Some people want to train and not have to have responsibility, in the school or out of the school.

Some would prefer to just train and not test, but they test so they can move on to train with the other students at the same skill level. 

But in the school, if they become a BB then they might be expected to help more or to teach while the head instructor is off with a new family or dealing with a plumber or what have you. 

Then again the person who you mentioned was 17, could be like my friend who trained as a teenager and would not take a promotion to Black Belt, as they believed that the person should be 18 before they are in front of a class telling 40 something people what to do. Kind of like a respect for his elders, and understanding that no matter what rank was on his belt he would not be an Adult and therefor a child in their mind, so he preferred the be the best "Just under Black Belt" there was for a couple of years. 

Outside of the school, there is this perception from many people that a black belt is the whip. They can stop any bad guy. Their hands are dangerous weapons (* which they might be but so are the hands of a person not trained - and no there is no need to register them.  *) or that they can dodge bullets or they can beat up gangsters or what have you. I am sure many of us have heard "Oh so you are a Black Belt. What are you going to do if I do, ... "

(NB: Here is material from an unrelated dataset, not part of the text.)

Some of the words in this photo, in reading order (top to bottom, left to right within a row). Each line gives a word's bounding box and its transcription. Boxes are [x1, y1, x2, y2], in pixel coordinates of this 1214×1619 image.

As to student loyalty, I have an open mind about people training with others. I know what I can offer, and I know that others have different words or experiences that might help some people. If people need to leave for personality conflict or for development or what have you they can. I have pointed people in the direction of other local clubs when they asked.


----------



## exile (Dec 13, 2008)

I think some historical perspective on this might be useful. If you look at Choki Motobu, one of the icons of classic, traditional Okinawan karate and a pioneer in the movement to bring karate to Japan, you'll find that he had studied with no fewer than _five_ masters of the previous generation. And I suspect that the same would prove true for several others of the more revered figures in Okinawan karate.

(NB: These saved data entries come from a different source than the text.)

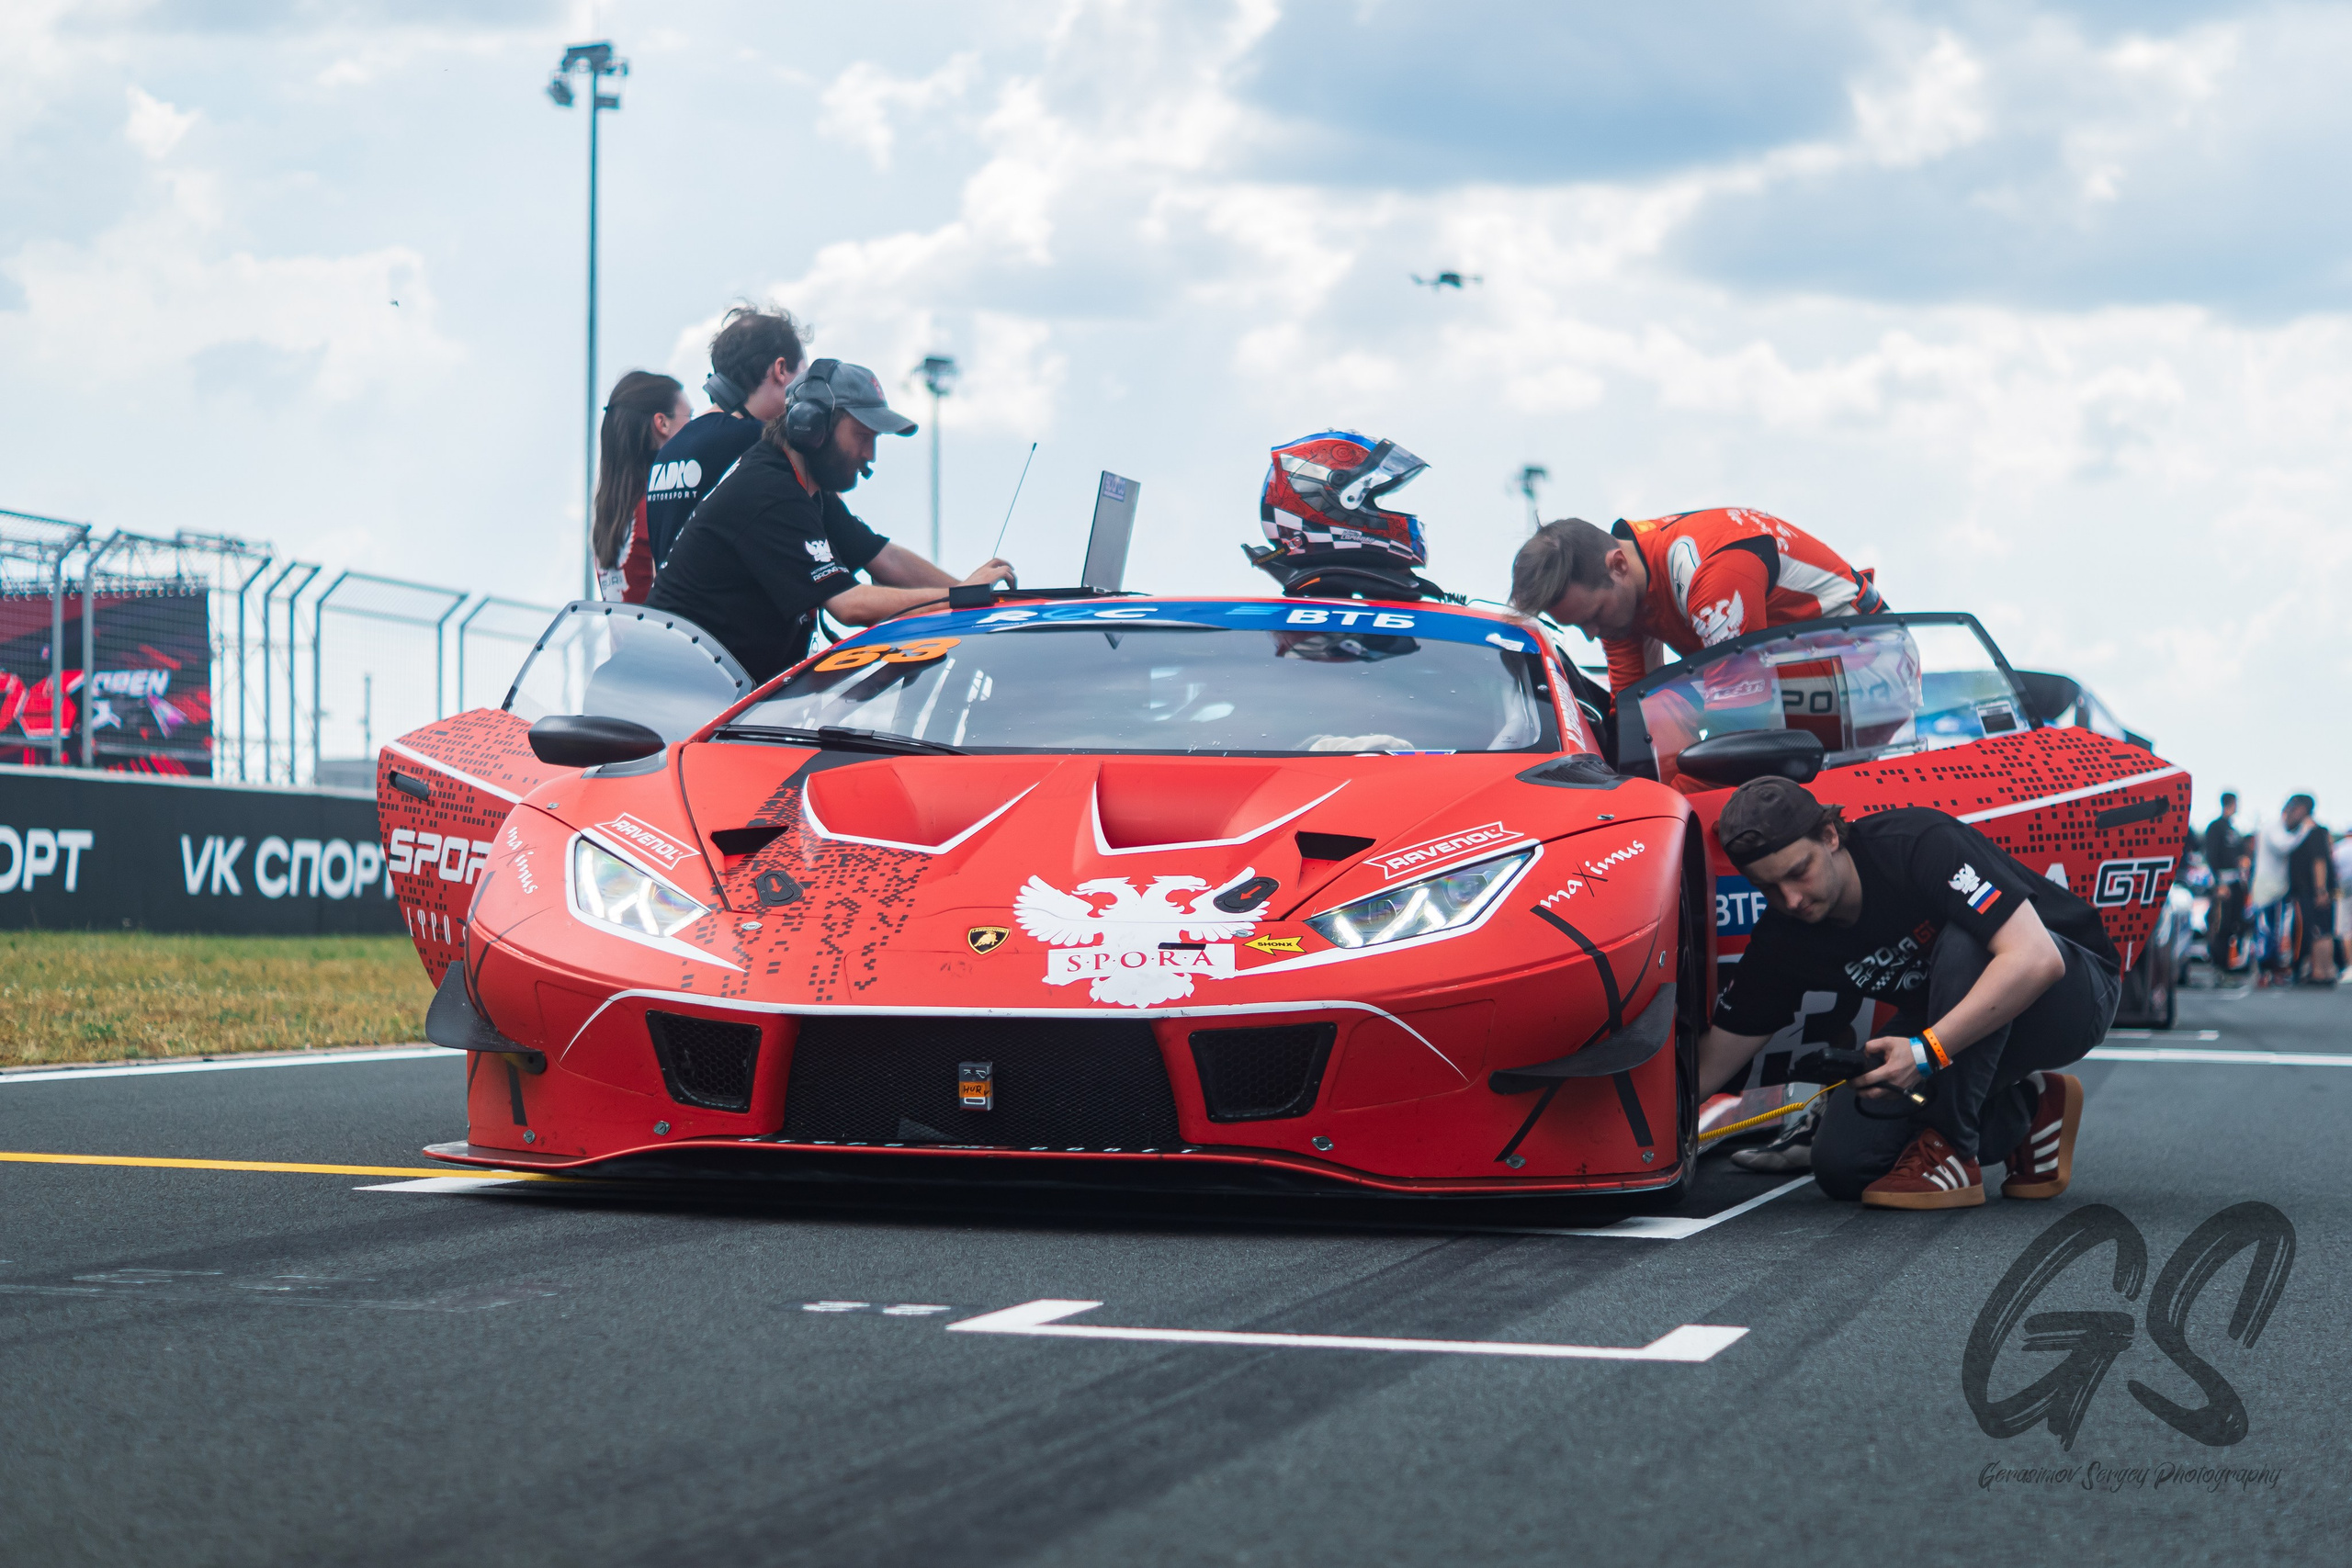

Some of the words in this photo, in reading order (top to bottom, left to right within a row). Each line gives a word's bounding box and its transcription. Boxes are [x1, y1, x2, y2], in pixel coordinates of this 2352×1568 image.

[647, 491, 697, 502] MOTORSPORT
[1286, 609, 1415, 628] ВТБ
[814, 637, 961, 671] 63
[612, 819, 682, 861] RAVENOL
[1385, 829, 1504, 871] RAVENOL
[181, 833, 246, 896] VK
[2093, 856, 2174, 908] GT

I've wondered for a long time if the whole quasi-sacred character of the MA student/teacher that's enshrined in popular culture and our own thinking about the MAs isn't something that came in via the transformation of Okinawan karate into a Japanese MA in the militaristic prewar era. We know that Funakoshi strongly believed in the military utility of karate, not as combat training, but as a group activity to instill reflexive obedience into young conscripts for what everyone over there could clearly see was the coming Asian war. And that kind of semireligious loyalty was a big part of post-Meiji Japanese culture, with the Emperor identified, literally, as a god. My own feeling is that the Okinawans were far more pragmatic about it; their own tuite styles were probably family-rooted, like the seemingly endless variants of the CMAs, and it would make sense to follow a single teacher there, because you learned _te_ from the most experienced, knowledgable practitioner in your own family&#8212;no one else was going to teach you _their_ family secrets, after all! But Motobu, who for family reasons had to pick up his training where he could get it, bounced around quite a bit, and that may well have been the pattern for those in Okinawa who were not the 'designated inheritors' of the family style. The Japanese ethic of total obedience and unquestioned loyalty may turn out to have been the source of this 'selfless devotion' quality that's supposed to characterize the MA student in much popular writing and dojo/dojang folklore. That doesn't mean that individuals may not, for their own reasons, feel personal loyalty to their instructors, just as they may to a particular bookstore that they patronize because it's a small, locally-owned enterprise run by people who really love books and know a lot about them, and whom their customers don't mind paying much higher prices to than Amazon charges, in order to support them. But as jks pointed out earlier... that's an _individual_ choice, based on personal preferences and values. It doesn't inherently come with the territory.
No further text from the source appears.